Comunidade

Nova lei do ISS vai aumentar a arrecadação de Conselheiro Lafaiete sem onerar o contribuinte

A Câmara de Lafaiete aprovou o projeto de lei complementar que produz modificações no Código Tributário o que deve ampliar a arrecadação anual da cidade sem impactos no bolso do contribuinte. A nova legislação traz para o município os impostos cobrados em diversos serviços realizados na cidade. 

A medida, que vem sendo adotada em diversas cidades brasileiras, foi proposta pela prefeitura e aprovada em dezembro de 2017. A nova Lei Complementar aumenta a arrecadação da cidade sem gerar gastos extras ao morador.

A alteração passa a vigorar, efetivamente, 90 dias após a sanção do prefeito. A Lei municipal está em consonância com os Tribunais Superiores que têm admitido a dedução das despesas com materiais incorporados de forma definitiva nas obras de construção civil. Frisa-se: atualmente, admitem a dedução de qualquer material, inclusive, aqueles adquiridos de terceiros ou em lojas de materiais, da respectiva base de cálculo do ISSQN devido pelas construtoras. No caso de Lafaiete, a lei prevê dedução de 40% sobre o custo da construção, utilizando fonte similar, em Minas Gerais, pelo Sindicato da Construção Civil (Sinduscon).  

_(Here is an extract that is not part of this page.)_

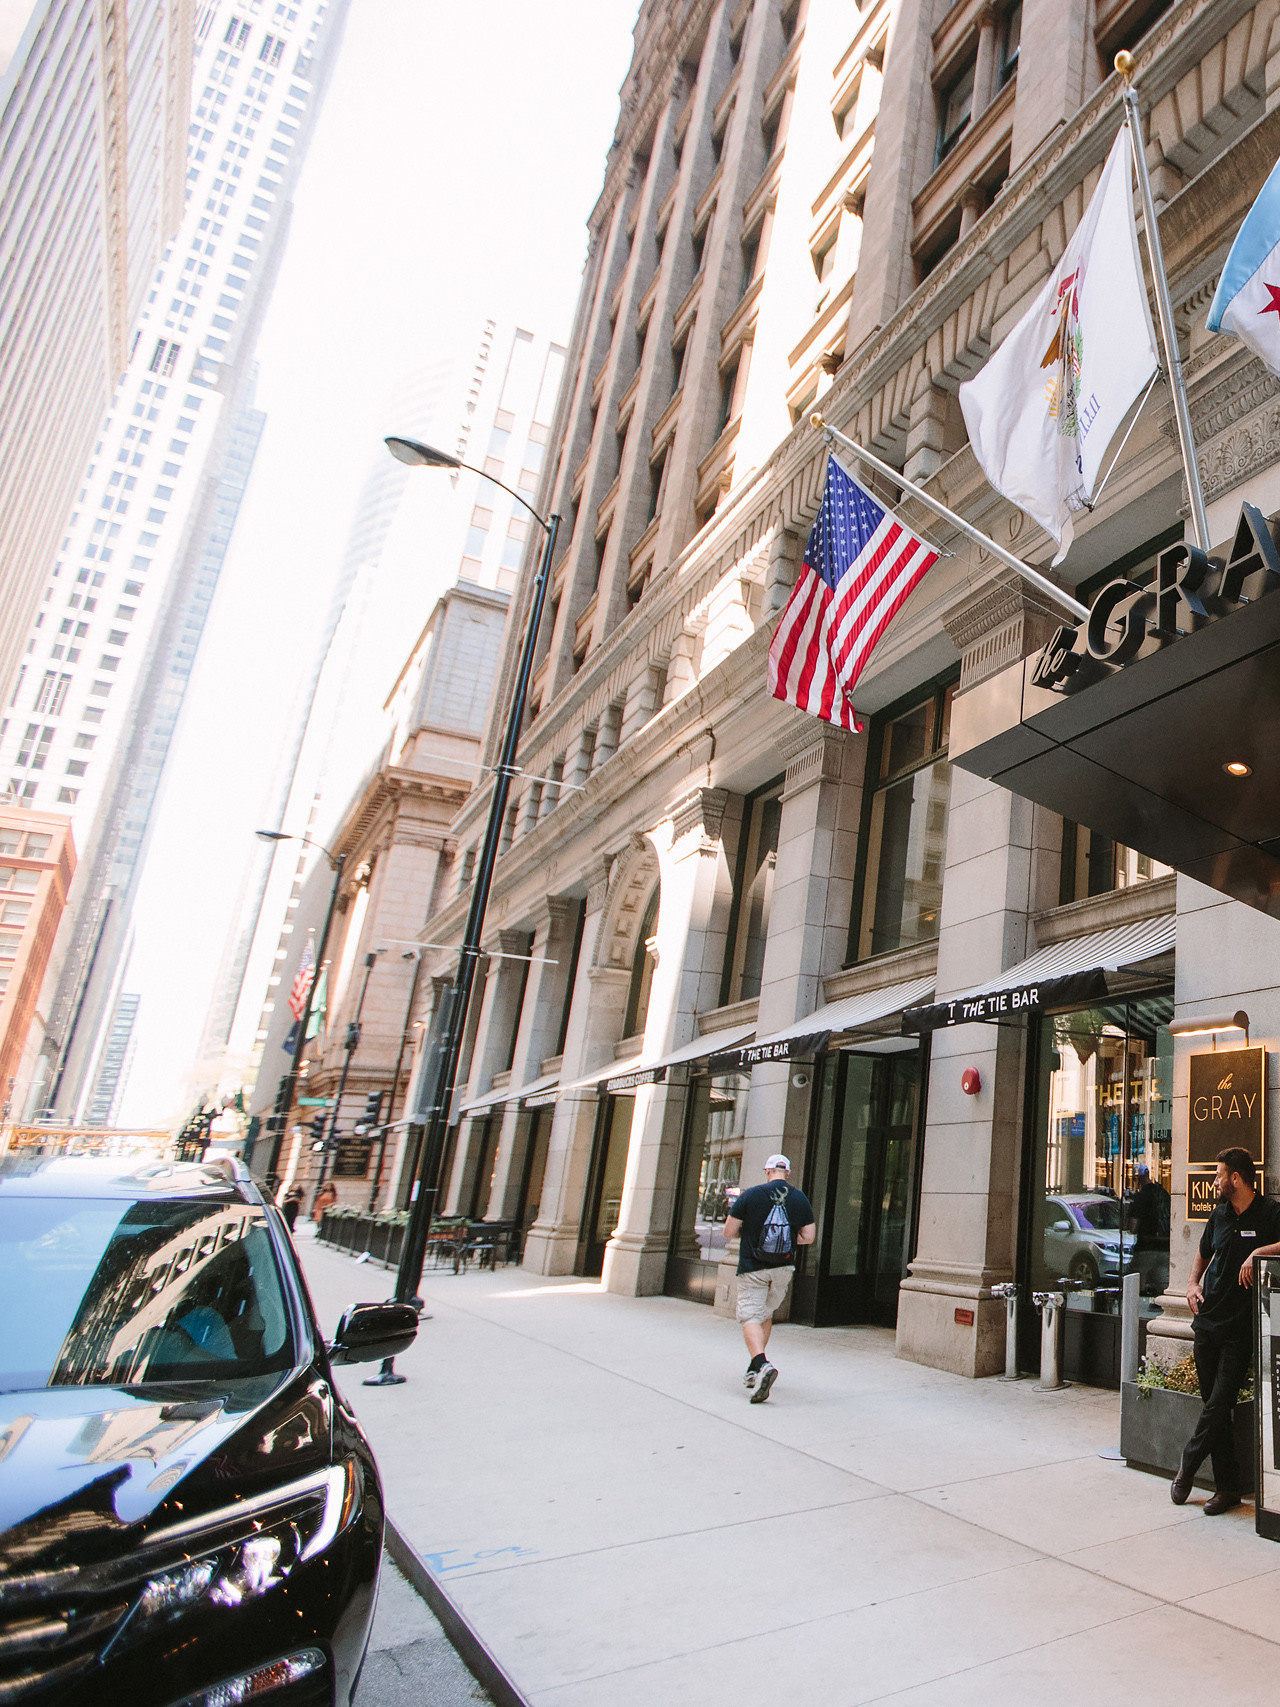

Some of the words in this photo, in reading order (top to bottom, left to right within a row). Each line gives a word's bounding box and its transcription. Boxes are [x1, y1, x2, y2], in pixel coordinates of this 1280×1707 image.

A alteração no recolhimento do ISSQN (Imposto Sobre Serviço de Qualquer Natureza), prevista pela Lei Federal nº 157/2016, representa um reforço expressivo para os municípios. O novo dispositivo legal não cria novas taxas. Esse é um imposto já existente que apenas os municípios sede das empresas de cartões e de planos de saúde, por exemplo, recebiam e que, agora, será distribuído aos municípios em que o contribuinte fizer a compra ou usufruir do serviço.

A Confederação Nacional de Municípios (CNM) já informou aos municípios que está disponível, para cadastramento de dados, o sistema desenvolvido pelas instituições financeiras em parceria com o Serviço Federal de Processamento de Dados (Serpro) com a finalidade de fiscalização e arrecadação do ISSQN. O objetivo da ferramenta é facilitar os procedimentos de fiscalização do tributo relativo às operações realizadas no domicílio do tomador, por meio dos serviços com as transações com o cartão de crédito ou débito e congêneres, além dos serviços de administração de planos de saúde, corretagem ou intermediação de contratos de arrendamento mercantil (leasing), dentre outros. O sistema denominado pelas Instituições financeiras de Declaração Padronizada do ISSQN está disponível por meio do endereço www.dpi.org.br.

As instituições financeiras em conjunto com o Serpro estiveram reunidas para concluir os ajustes e homologar o sistema. A CNM por meio de representantes municipais colaborou com o aperfeiçoamento do portal adaptando-o às realidades e demandas locais. Dentre os ajustes está a inclusão do item 4.22 da lista de serviços, que não estava contemplado na versão original do sistema e está previsto na LC 157/16. 

A Confederação lembra aos gestores municipais que a utilização e os registros no sistema não são obrigatórios, mas o uso auxiliará nos procedimentos de fiscalização.

Nova regra

Em 30 de maio de 2016, o Congresso Nacional derrubou o veto parcial à Lei Complementar 157/2016, que reformulou o ISS. Assim a cobrança do imposto será feita no município onde cartões de créditos, débitos, leasing e de plano de saúde forem utilizados, e não mais na sede do estabelecimento que presta esses serviços.

Segundo a Confederação Nacional dos Municípios (CNM), a mudança na legislação vai diminuir a concentração dos recursos do ISS e permitir que cerca de R$ 6 bilhões sejam melhor distribuídos entre os municípios. Hoje, 63% do imposto recolhido no Brasil ficam concentrados em apenas 35 cidades.